A disease that progresses incrementally doesn’t require a sudden and complete overhaul of our emotional lives the way, for instance, an accident, or a terminal illness does. So at many levels we are still dealing with it – with the slow disappearance of the person we knew. In my family we do our best to be practical and clinical in our approach to most issues and steer away from conversations that we imagine to be excessive emotionally (not saying that’s ideal but that’s how it is) so each of us are on our separate journeys and we don’t quite understand what the other one is going through. But for all of us she was extremely important in very different ways and I imagine the journey of each of my family members is as tough as mine. Especially my father’s – his must be the toughest.
3. What are 5 things (or 7!) you wish people knew about dementia/ Alzheimer’s?
There is so much research still going on – and every day a new theory on how it’s going to be curable soon.

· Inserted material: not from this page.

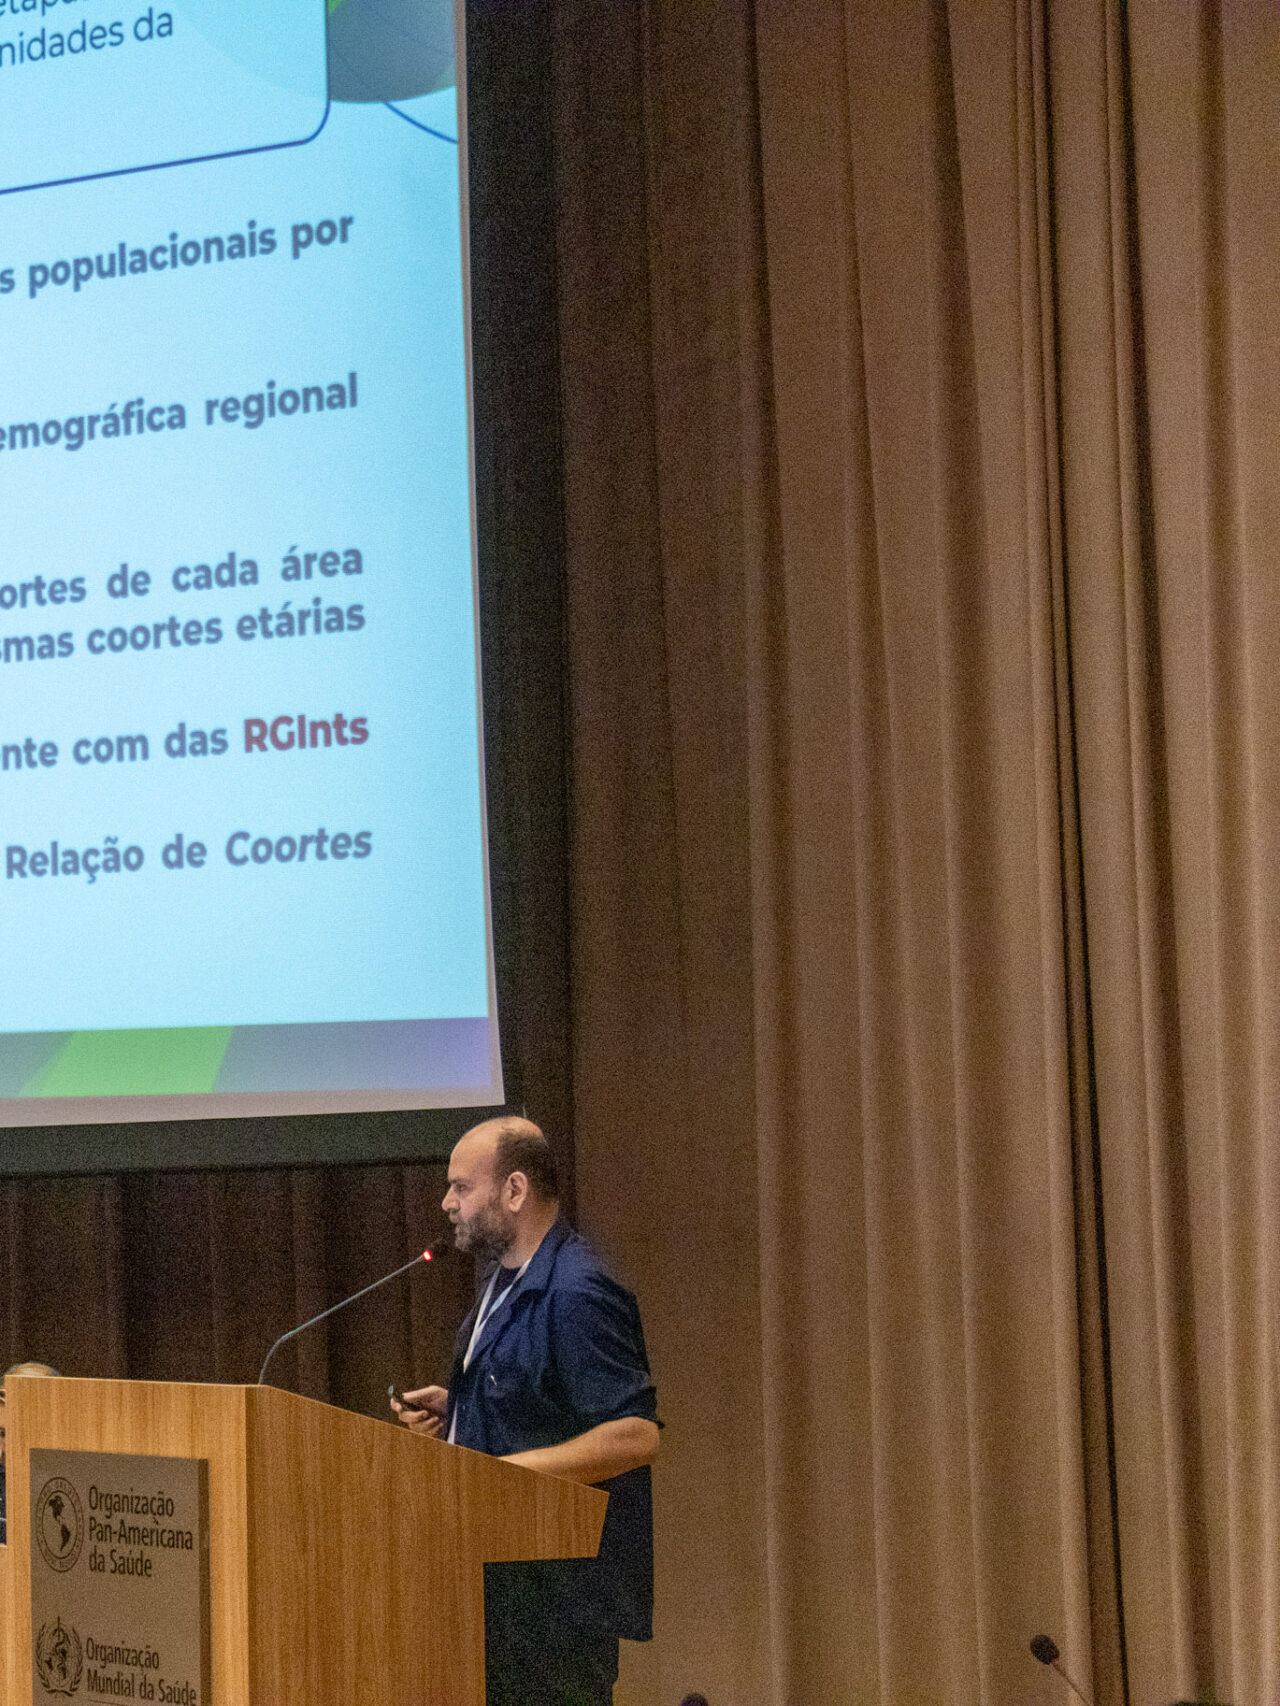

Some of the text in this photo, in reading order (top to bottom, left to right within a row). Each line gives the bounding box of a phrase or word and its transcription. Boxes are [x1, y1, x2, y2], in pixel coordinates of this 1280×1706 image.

Well, I hope it is one day but here are my basic observations on the disease:
- The patient goes through various stages so your responses have to change at every stage too – it’s easy enough to take the cue from the patient, her behaviour is quite transparent so you will know when she’s comfortable and when she’s not
- Don’t infantilise someone with dementia, simply treat them with the dignity everyone deserves – anyone can sense condescension even if they can’t articulate their aversion to it
- Don’t talk about the patient when in the room with him or her – I have seen it being done in front of my mother and I can sense she hates it
- Don’t try to challenge them mentally with questions – it confuses and doesn’t help in any way
- Understand and reconcile yourself to the disease once the diagnosis is there – seeking alternative medical opinions repeatedly is unsettling – also hold back on the advice to the family, however well-meaning. Chances are they are a step ahead when it comes to knowing how to deal with the disease
4. Many of us still struggle with the ‘What will people say’ phenomenon, as families, individuals.. (hopefully less as writers!). Do you think there’s enough being done to reduce stigma, if you’ve felt there is any stigma attached to the issue of dementia/ Alzheimer’s?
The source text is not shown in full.